Records from a dataset:
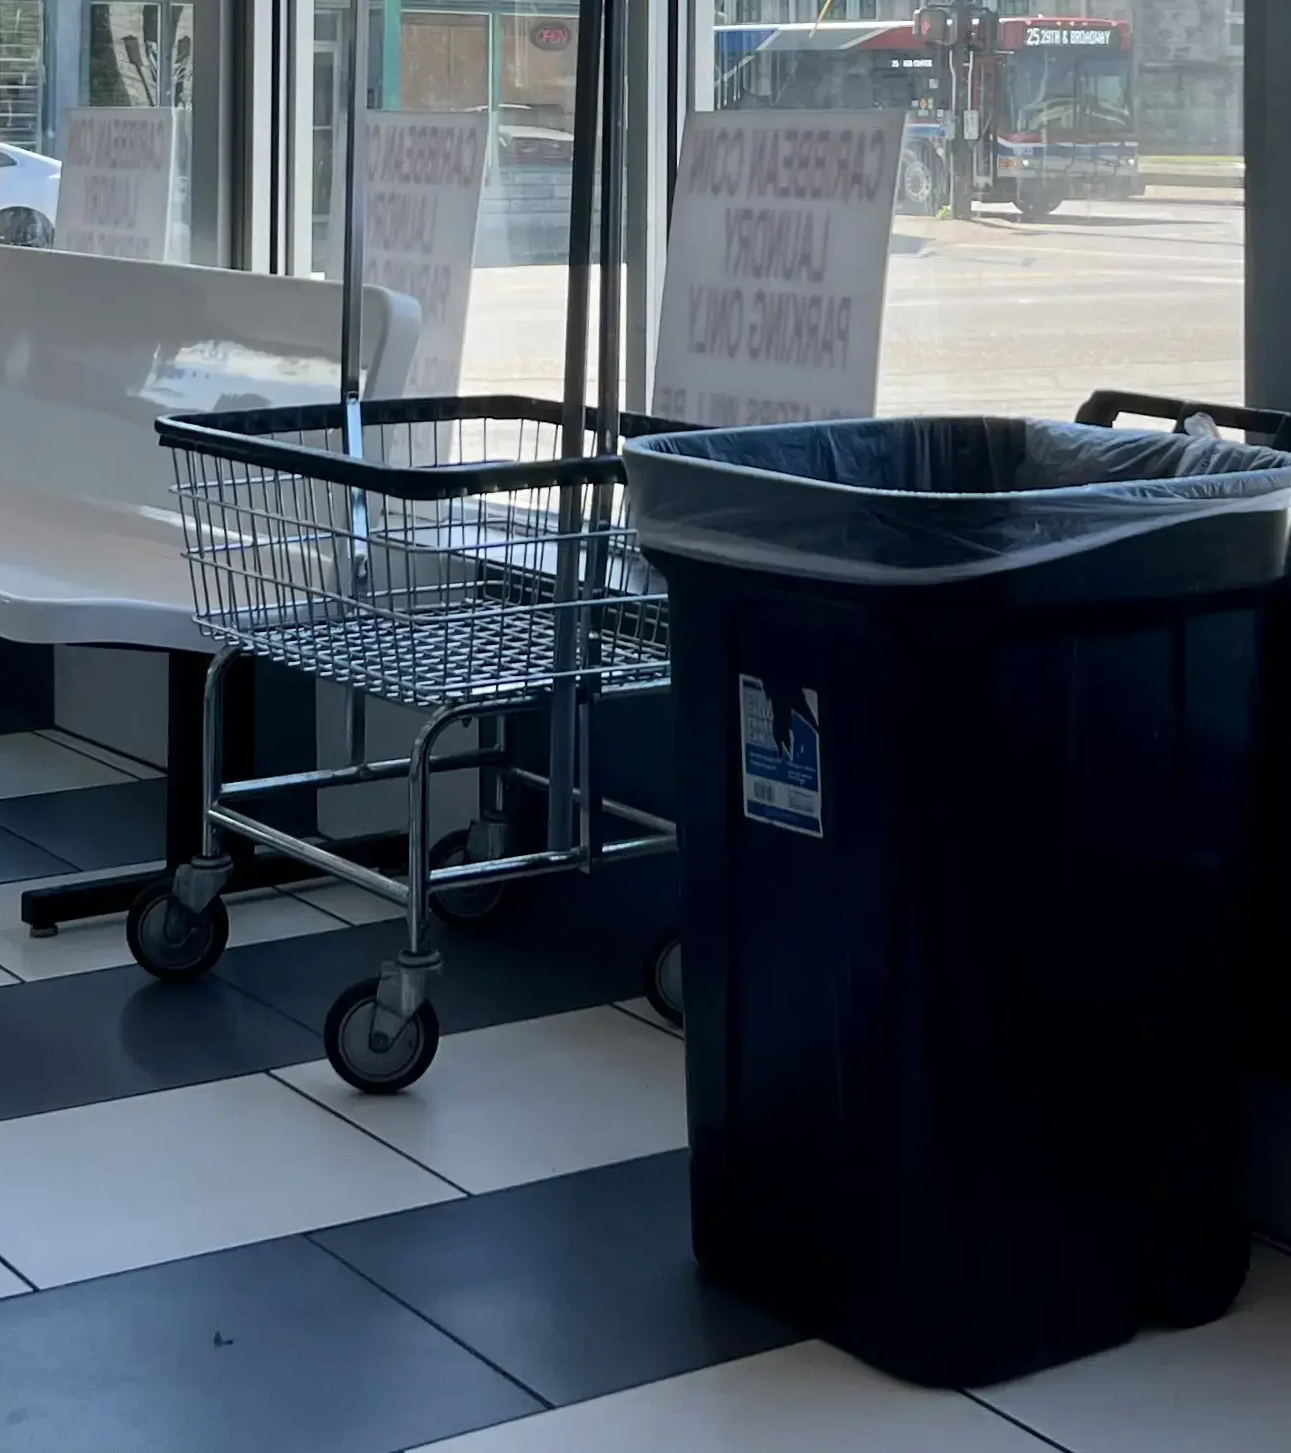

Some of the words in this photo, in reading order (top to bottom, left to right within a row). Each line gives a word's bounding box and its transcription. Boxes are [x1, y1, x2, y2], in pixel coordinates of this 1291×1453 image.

[1026, 28, 1040, 46] 25
[1041, 31, 1060, 45] 29TH
[1070, 30, 1111, 45] BROADWAY
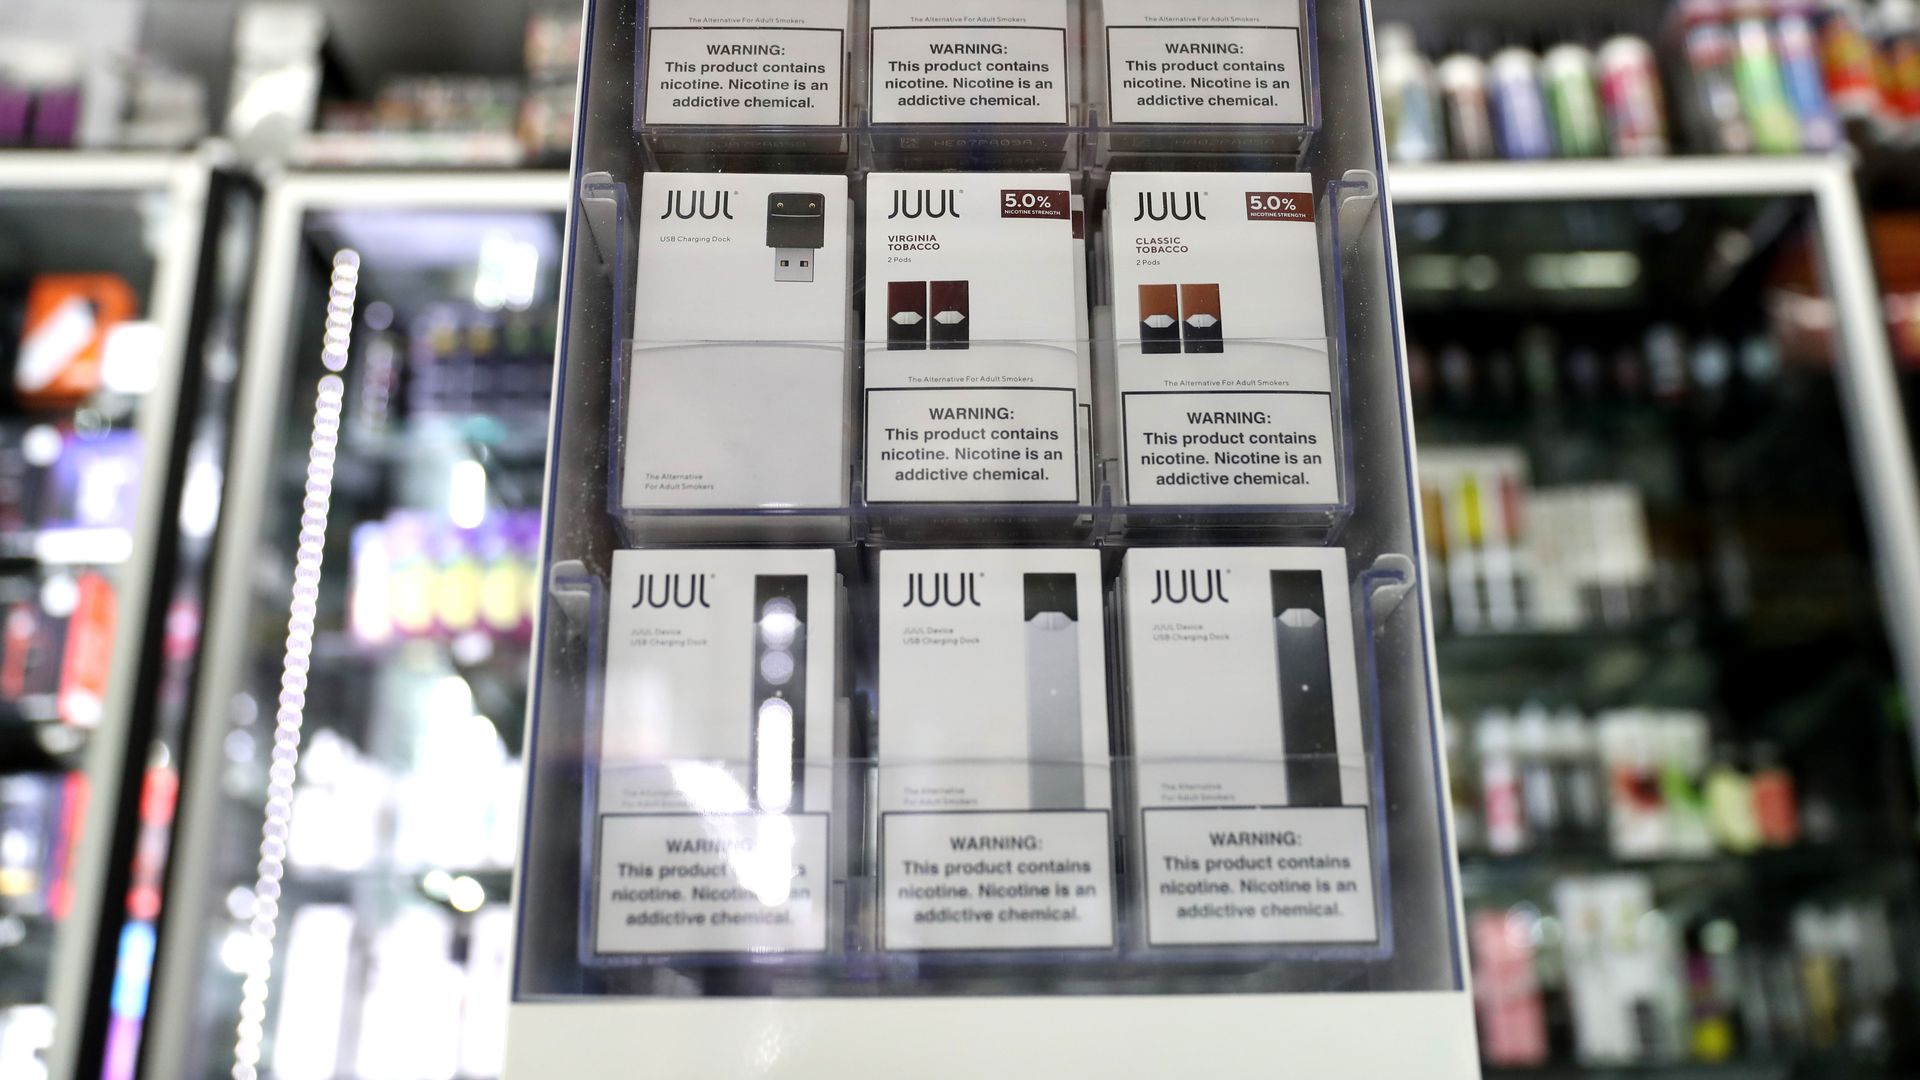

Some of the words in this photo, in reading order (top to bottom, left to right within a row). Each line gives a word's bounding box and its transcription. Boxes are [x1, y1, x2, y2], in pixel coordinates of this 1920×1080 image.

[706, 45, 785, 56] WARNING:
[929, 44, 1008, 54] WARNING:
[1165, 43, 1244, 54] WARNING:
[665, 61, 696, 73] This
[700, 62, 758, 75] product
[762, 63, 826, 74] contains
[888, 61, 920, 72] This
[924, 61, 982, 74] product
[986, 61, 1049, 72] contains
[1125, 60, 1157, 71] This
[1161, 61, 1219, 74] product
[1222, 61, 1285, 72] contains
[660, 79, 723, 90] nicotine.
[728, 79, 790, 90] Nicotine
[793, 80, 806, 90] is
[810, 82, 828, 91] an
[885, 78, 948, 89] nicotine.
[953, 78, 1014, 89] Nicotine
[1018, 78, 1031, 89] is
[1035, 80, 1053, 89] an
[1123, 77, 1186, 89] nicotine.
[1190, 77, 1251, 88] Nicotine
[1255, 78, 1268, 89] is
[1272, 80, 1290, 89] an
[672, 97, 740, 108] addictive
[744, 97, 815, 108] chemical.
[898, 95, 965, 106] addictive
[969, 95, 1040, 106] chemical.
[1137, 95, 1204, 106] addictive
[1208, 95, 1278, 107] chemical.
[1005, 193, 1051, 208] 5.0%
[1250, 195, 1297, 211] 5.0%
[887, 234, 937, 242] VIRGINIA
[1135, 237, 1181, 245] CLASSIC
[887, 242, 941, 251] TOBACCO
[1135, 245, 1189, 254] TOBACCO
[929, 407, 1014, 420] WARNING:
[1186, 412, 1272, 424] WARNING:
[885, 428, 919, 440] This
[923, 427, 986, 443] product
[990, 427, 1059, 440] contains
[1143, 432, 1178, 445] This
[1182, 432, 1245, 447] product
[1249, 431, 1317, 444] contains
[881, 448, 949, 460] nicotine.
[954, 447, 1021, 460] Nicotine
[1025, 447, 1039, 460] is
[1043, 449, 1063, 460] an
[1141, 452, 1210, 465] nicotine.
[1214, 452, 1280, 464] Nicotine
[1284, 452, 1298, 464] is
[1302, 454, 1322, 465] an
[895, 468, 968, 481] addictive
[972, 468, 1049, 480] chemical.
[1156, 472, 1229, 485] addictive
[1233, 472, 1310, 485] chemical.
[950, 836, 1043, 851] WARNING:
[1209, 831, 1302, 846] WARNING:
[617, 863, 654, 878] This
[659, 862, 727, 880] product
[902, 860, 939, 876] This
[944, 860, 1012, 877] product
[1017, 859, 1092, 874] contains
[1163, 856, 1200, 871] This
[1205, 856, 1272, 874] product
[1277, 855, 1351, 870] contains
[898, 884, 973, 900] nicotine.
[978, 883, 1050, 898] Nicotine
[1055, 882, 1070, 897] is
[1075, 884, 1096, 897] an
[1160, 880, 1234, 895] nicotine.
[1240, 879, 1312, 894] Nicotine
[1316, 878, 1331, 893] is
[1336, 881, 1357, 893] an
[611, 887, 685, 902] nicotine.
[913, 907, 993, 923] addictive
[998, 906, 1080, 922] chemical.
[1177, 903, 1256, 919] addictive
[1260, 903, 1343, 918] chemical.
[625, 912, 706, 927] addictive
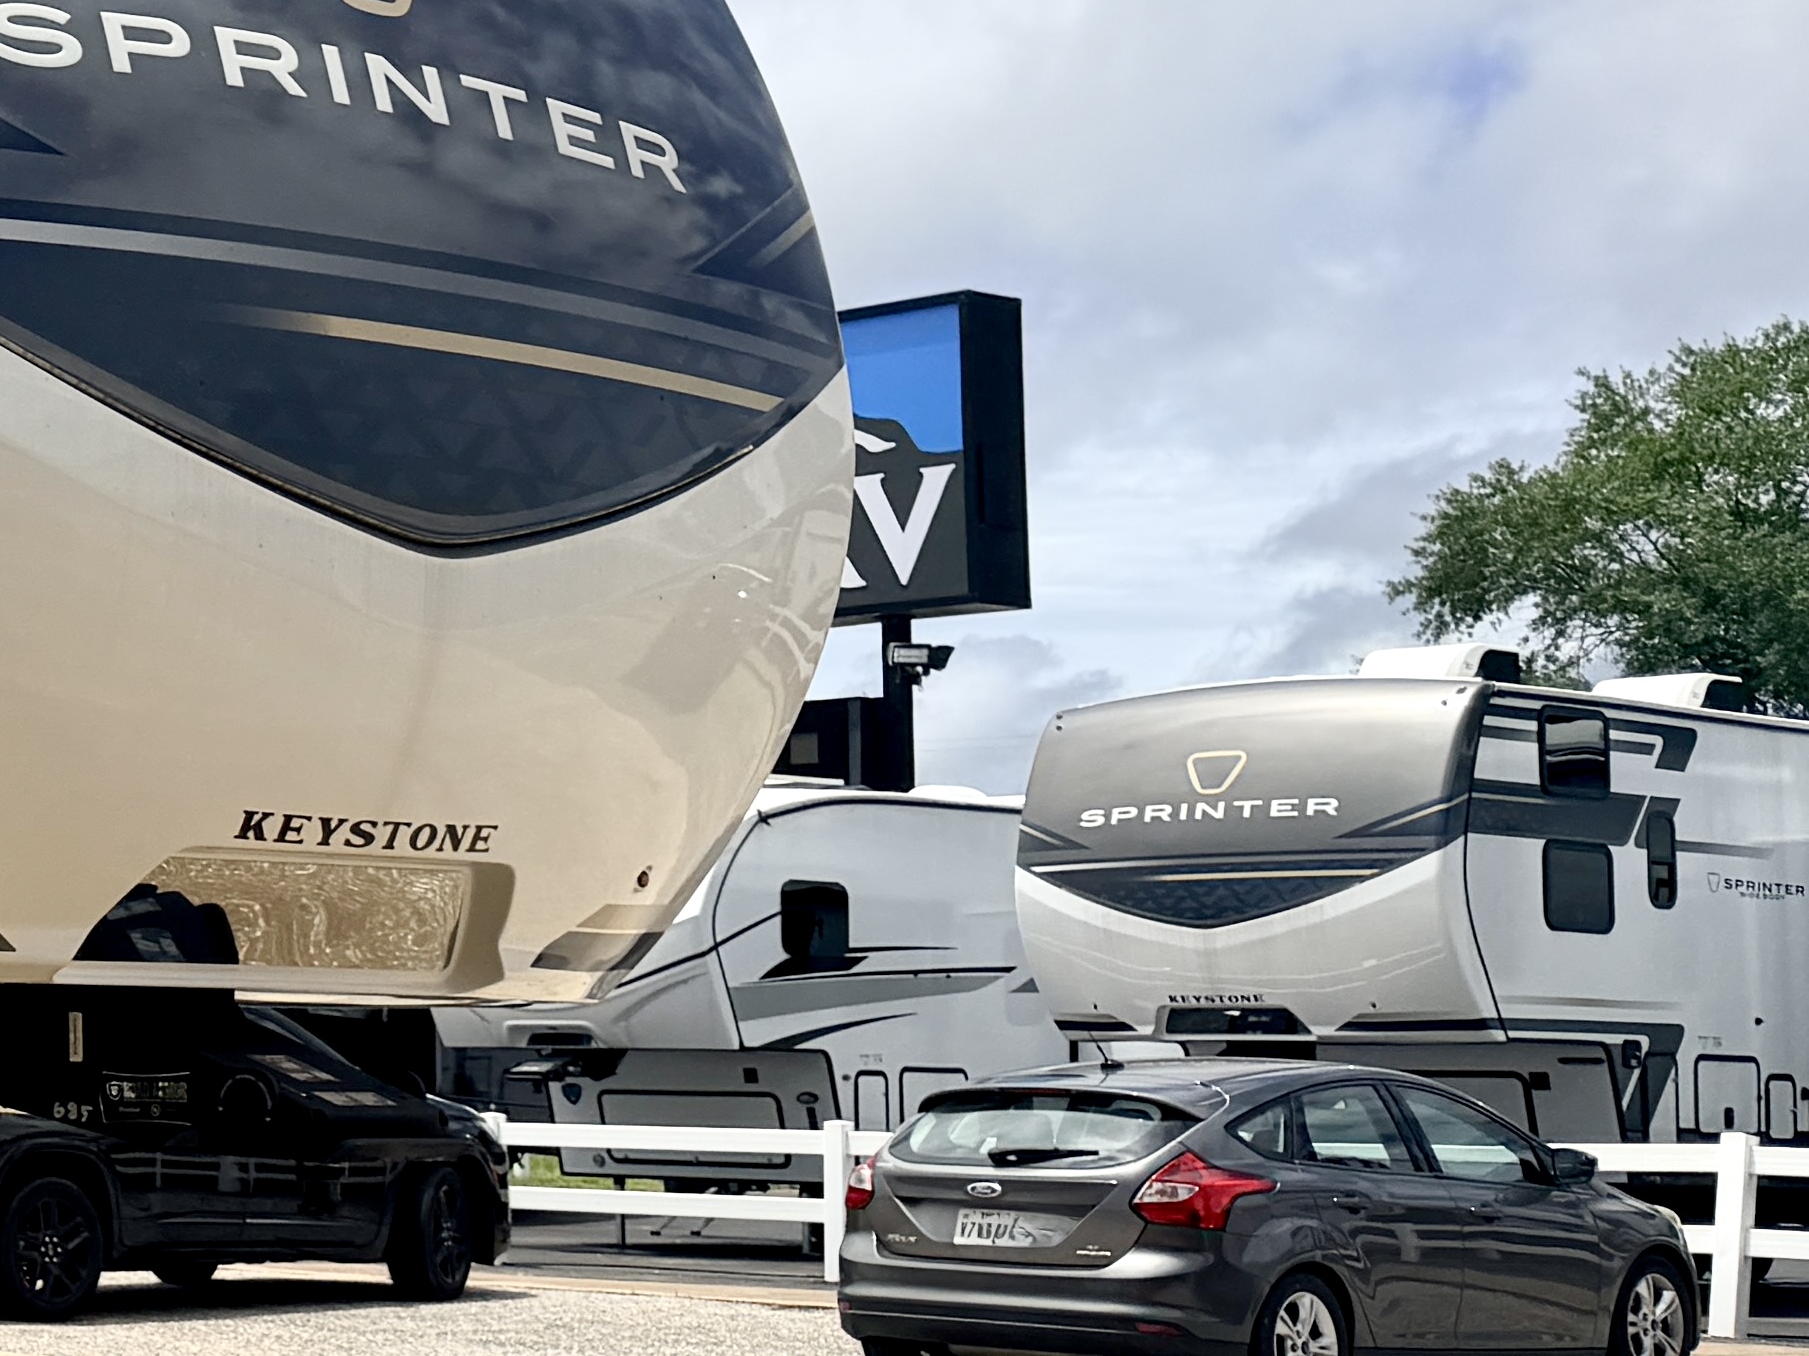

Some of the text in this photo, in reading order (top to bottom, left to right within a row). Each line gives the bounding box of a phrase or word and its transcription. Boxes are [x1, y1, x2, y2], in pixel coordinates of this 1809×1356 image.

* [What needs to be done]
Set down the records again exactly as they appear, leaving each picture behind.

* [Response]
Some of the words in this photo, in reading order (top to bottom, left to right within a row). Each line gives a word's bounding box and its transcription. Boxes are [x1, y1, x2, y2], in pixel coordinates of this 1291×1453 image.

[1026, 28, 1040, 46] 25
[1041, 31, 1060, 45] 29TH
[1070, 30, 1111, 45] BROADWAY

Some of the words in this photo, in reading order (top to bottom, left to right within a row). Each line gives a word's bounding box and its transcription. Boxes are [x1, y1, x2, y2], in pixel coordinates of this 1920×1080 image.

[706, 45, 785, 56] WARNING:
[929, 44, 1008, 54] WARNING:
[1165, 43, 1244, 54] WARNING:
[665, 61, 696, 73] This
[700, 62, 758, 75] product
[762, 63, 826, 74] contains
[888, 61, 920, 72] This
[924, 61, 982, 74] product
[986, 61, 1049, 72] contains
[1125, 60, 1157, 71] This
[1161, 61, 1219, 74] product
[1222, 61, 1285, 72] contains
[660, 79, 723, 90] nicotine.
[728, 79, 790, 90] Nicotine
[793, 80, 806, 90] is
[810, 82, 828, 91] an
[885, 78, 948, 89] nicotine.
[953, 78, 1014, 89] Nicotine
[1018, 78, 1031, 89] is
[1035, 80, 1053, 89] an
[1123, 77, 1186, 89] nicotine.
[1190, 77, 1251, 88] Nicotine
[1255, 78, 1268, 89] is
[1272, 80, 1290, 89] an
[672, 97, 740, 108] addictive
[744, 97, 815, 108] chemical.
[898, 95, 965, 106] addictive
[969, 95, 1040, 106] chemical.
[1137, 95, 1204, 106] addictive
[1208, 95, 1278, 107] chemical.
[1005, 193, 1051, 208] 5.0%
[1250, 195, 1297, 211] 5.0%
[887, 234, 937, 242] VIRGINIA
[1135, 237, 1181, 245] CLASSIC
[887, 242, 941, 251] TOBACCO
[1135, 245, 1189, 254] TOBACCO
[929, 407, 1014, 420] WARNING:
[1186, 412, 1272, 424] WARNING:
[885, 428, 919, 440] This
[923, 427, 986, 443] product
[990, 427, 1059, 440] contains
[1143, 432, 1178, 445] This
[1182, 432, 1245, 447] product
[1249, 431, 1317, 444] contains
[881, 448, 949, 460] nicotine.
[954, 447, 1021, 460] Nicotine
[1025, 447, 1039, 460] is
[1043, 449, 1063, 460] an
[1141, 452, 1210, 465] nicotine.
[1214, 452, 1280, 464] Nicotine
[1284, 452, 1298, 464] is
[1302, 454, 1322, 465] an
[895, 468, 968, 481] addictive
[972, 468, 1049, 480] chemical.
[1156, 472, 1229, 485] addictive
[1233, 472, 1310, 485] chemical.
[950, 836, 1043, 851] WARNING:
[1209, 831, 1302, 846] WARNING:
[617, 863, 654, 878] This
[659, 862, 727, 880] product
[902, 860, 939, 876] This
[944, 860, 1012, 877] product
[1017, 859, 1092, 874] contains
[1163, 856, 1200, 871] This
[1205, 856, 1272, 874] product
[1277, 855, 1351, 870] contains
[898, 884, 973, 900] nicotine.
[978, 883, 1050, 898] Nicotine
[1055, 882, 1070, 897] is
[1075, 884, 1096, 897] an
[1160, 880, 1234, 895] nicotine.
[1240, 879, 1312, 894] Nicotine
[1316, 878, 1331, 893] is
[1336, 881, 1357, 893] an
[611, 887, 685, 902] nicotine.
[913, 907, 993, 923] addictive
[998, 906, 1080, 922] chemical.
[1177, 903, 1256, 919] addictive
[1260, 903, 1343, 918] chemical.
[625, 912, 706, 927] addictive

Some of the text in this photo, in reading order (top to bottom, left to right within a row). Each line gives the bounding box of a phrase or word and its transcription. Boxes are [x1, y1, x2, y2], in pixel coordinates of this 1809×1356 image.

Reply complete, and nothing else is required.